Friday, 16 November 2012
Ferris Bueller's Day Off (1986)
Ridiculous. Unrealistic. A world where all adults are idiots. A rose-tinted view of teenage abandon.
Simply Fantastic. If you come out of Ferris Bueller's Day Off feeling not even slightly more happy than when you went in then you're just plain broken inside.
Ferris (Matthew Broderick) can see that the end of his last year in school is fast approaching its end and feels the need to take one last day off and make the most of it. Enlisting the help of his smitten girlfriend Sloane (Mia Sara) to break his depressed, listless friend Cameron (Alan Ruck) out of the self-pitying rut he's got himself into, the trio go on a day trip into Chicago in an attempt not to get caught.

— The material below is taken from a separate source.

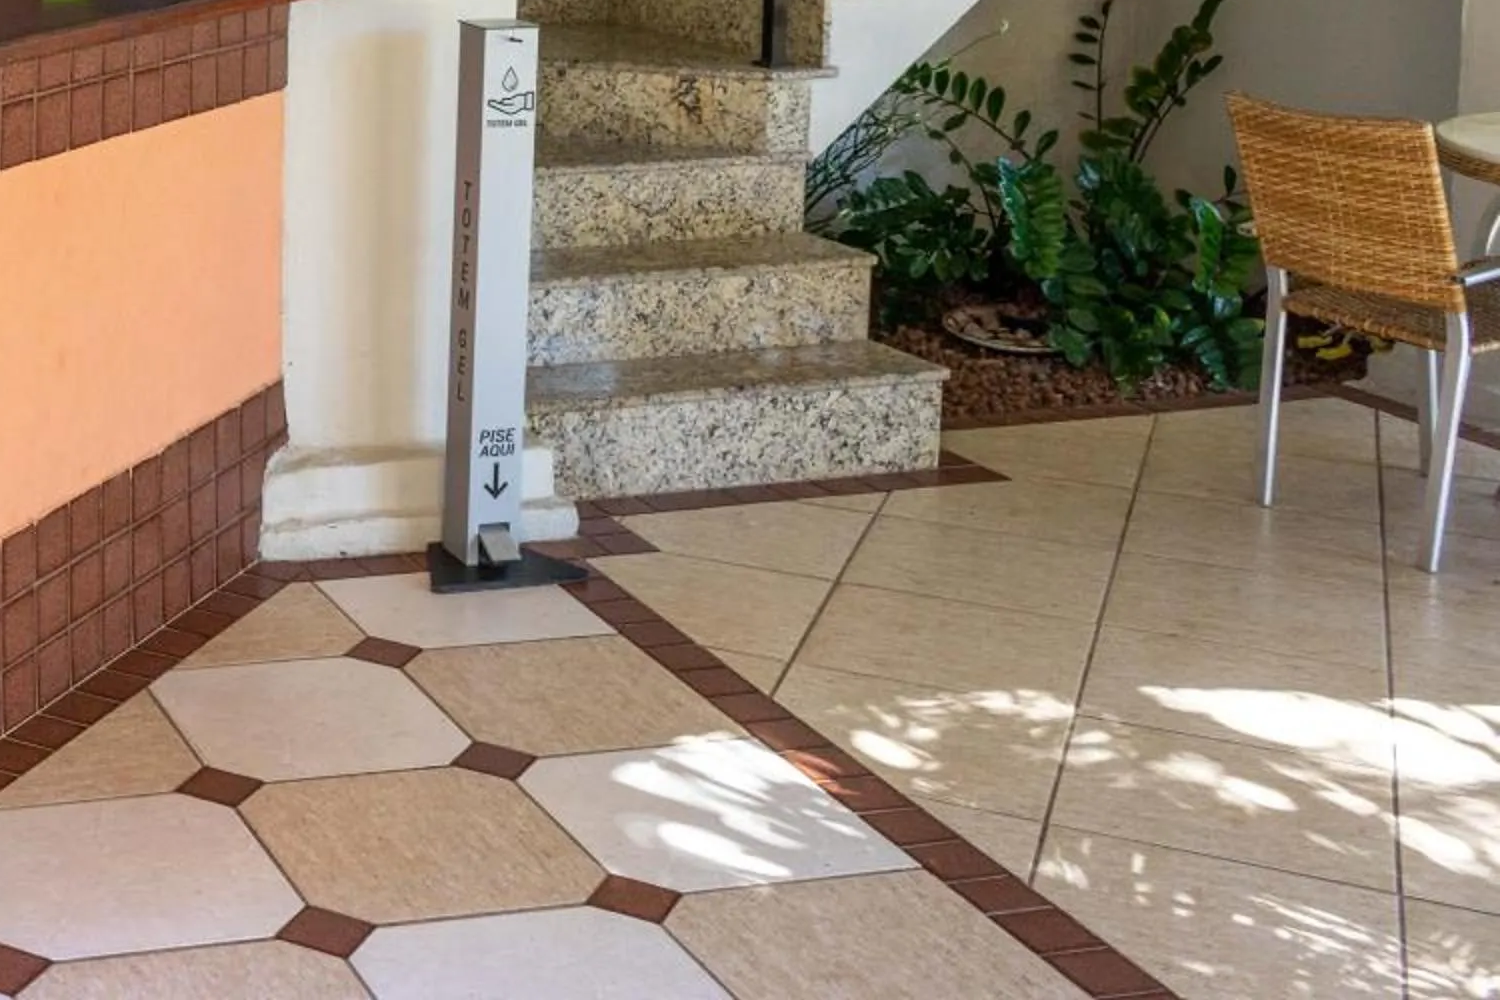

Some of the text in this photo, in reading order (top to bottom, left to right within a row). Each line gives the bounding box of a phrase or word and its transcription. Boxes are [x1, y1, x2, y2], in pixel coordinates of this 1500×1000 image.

[456, 180, 472, 403] TOTEM GEL
[479, 427, 516, 444] PISE
[479, 443, 515, 458] AQUI

Ferris and Cameron are the classic duo: the first is the confident and carefree type and the second the passsive worrier. Everyone knows a Ferris, or did in school at least. The Ferrises of the world just seem to be able to coast through life with everyone loving them and not a care in the world. They're the kind of guys who can come in from a thunderstorm dry as a bone and charm they're way past any security in their way. They'd do anything for a friend and they're exactly the sort of people that the Camerons of the world need to show them how beautiful life can be. Broderick is perfect as this sort of person. He has the charm and smoothness to get away with everything Ferris does, and doesn't cross the line into coming off as fake. You can believe that Ferris is really as good as a guy as he comes off to be. Hell, he's even got it 25 years later in this homage to the film.
It's one of the best highschool/teen comedies by far, and the quality shines through in the type of jokes it tells. It might be partly down to it being made in the 80s, but it's much cleaner than the teen comedies of today; it doesn't have to rely on the crutch of sex jokes or toilet humour. That's not to say Ferris and co are wholesome kids straight out of the 1950s, just that there's an air of youthful freedom that's enough to provide the humour.
Honestly, it's just great. Some critic described it as a "suicide prevention film". That seems a bit of a dark idea to bring into the mix, but it is apt. For the Camerons of the world, Ferris Bueller might just have the power and the clout to shake them out of their narrow world view and learn the films biggest lesson: Life moves pretty fast, if you don't stop and look around once in a while, you could miss it.